(EXERCISE INPUTS)

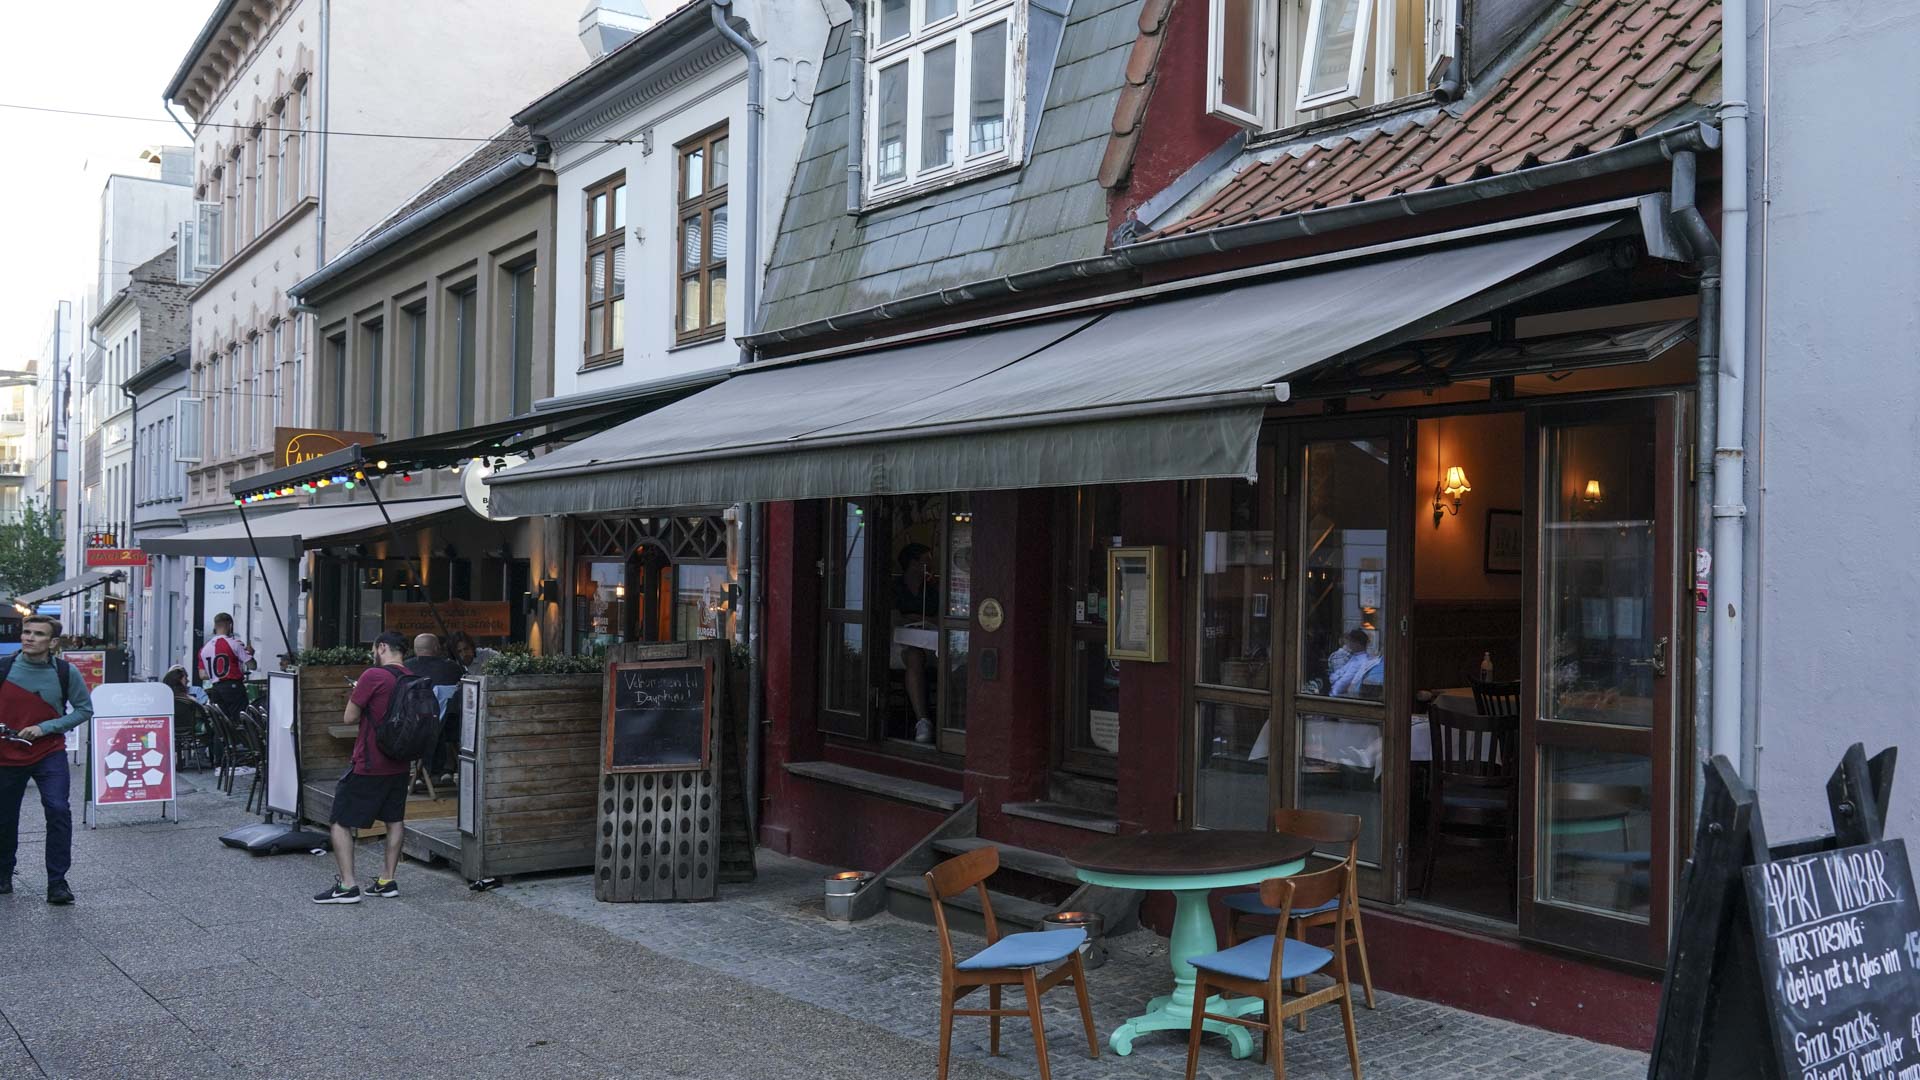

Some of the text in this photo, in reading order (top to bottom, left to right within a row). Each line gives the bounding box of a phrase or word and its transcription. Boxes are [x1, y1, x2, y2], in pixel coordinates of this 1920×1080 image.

[206, 654, 231, 679] 10
[1762, 849, 1895, 931] APART VINBAR
[1777, 917, 1865, 968] HVER TIRSDAG:
[1786, 965, 1827, 1009] dejlig
[1824, 958, 1843, 991] ret
[1842, 960, 1853, 984] &
[1852, 956, 1861, 983] 1
[1860, 952, 1881, 989] glas
[1880, 947, 1901, 975] vin
[1861, 1031, 1904, 1077] mandler
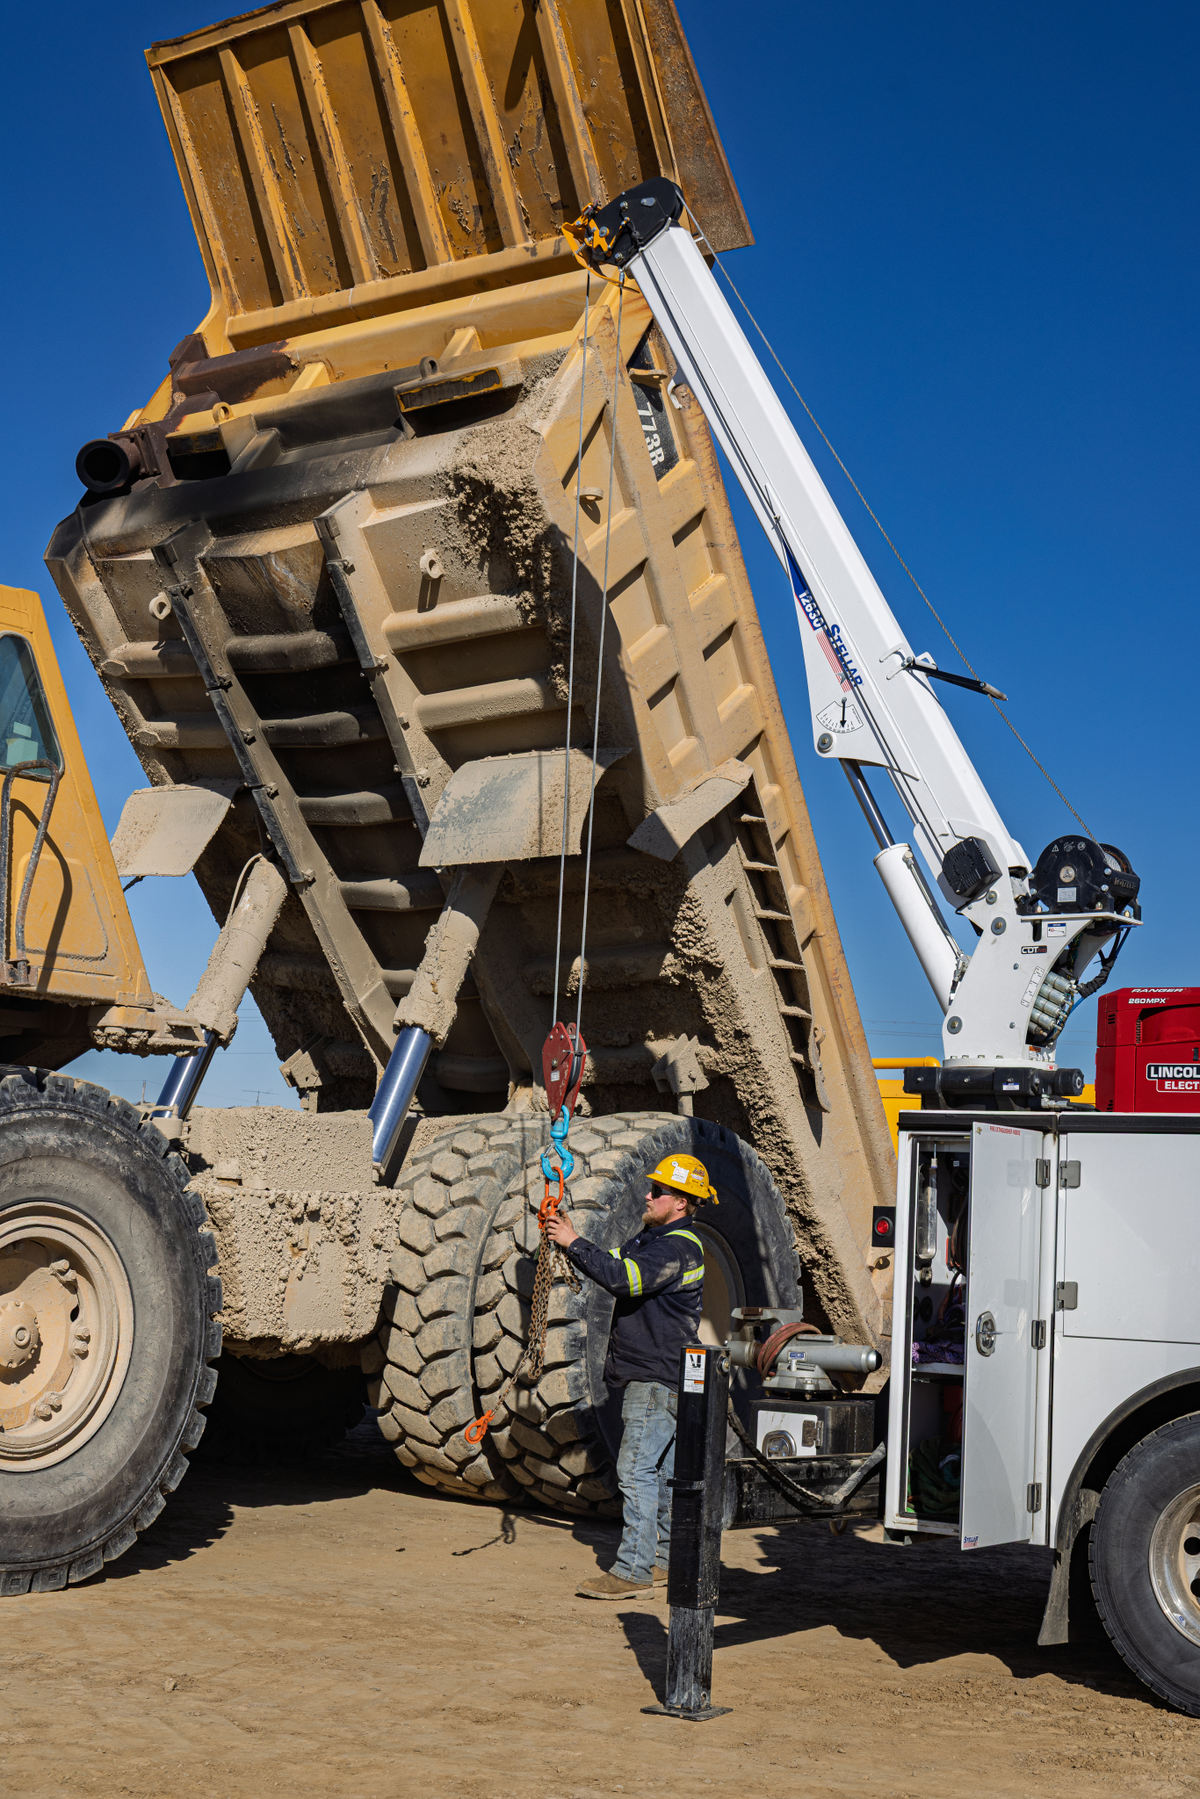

(End EXERCISE INPUTS)

* [WORK ORDER]
What the response needs is every entry, repeated exactly, and none of the pictures.

* [EXERCISE OUTPUT]
Some of the text in this photo, in reading order (top to bottom, left to right within a row). Each line gives the bounding box of a phrase or word and its transcription. Boxes are [x1, y1, x2, y2], in pixel coordinates of this 1920×1080 image.

[206, 654, 231, 679] 10
[1762, 849, 1895, 931] APART VINBAR
[1777, 917, 1865, 968] HVER TIRSDAG:
[1786, 965, 1827, 1009] dejlig
[1824, 958, 1843, 991] ret
[1842, 960, 1853, 984] &
[1852, 956, 1861, 983] 1
[1860, 952, 1881, 989] glas
[1880, 947, 1901, 975] vin
[1861, 1031, 1904, 1077] mandler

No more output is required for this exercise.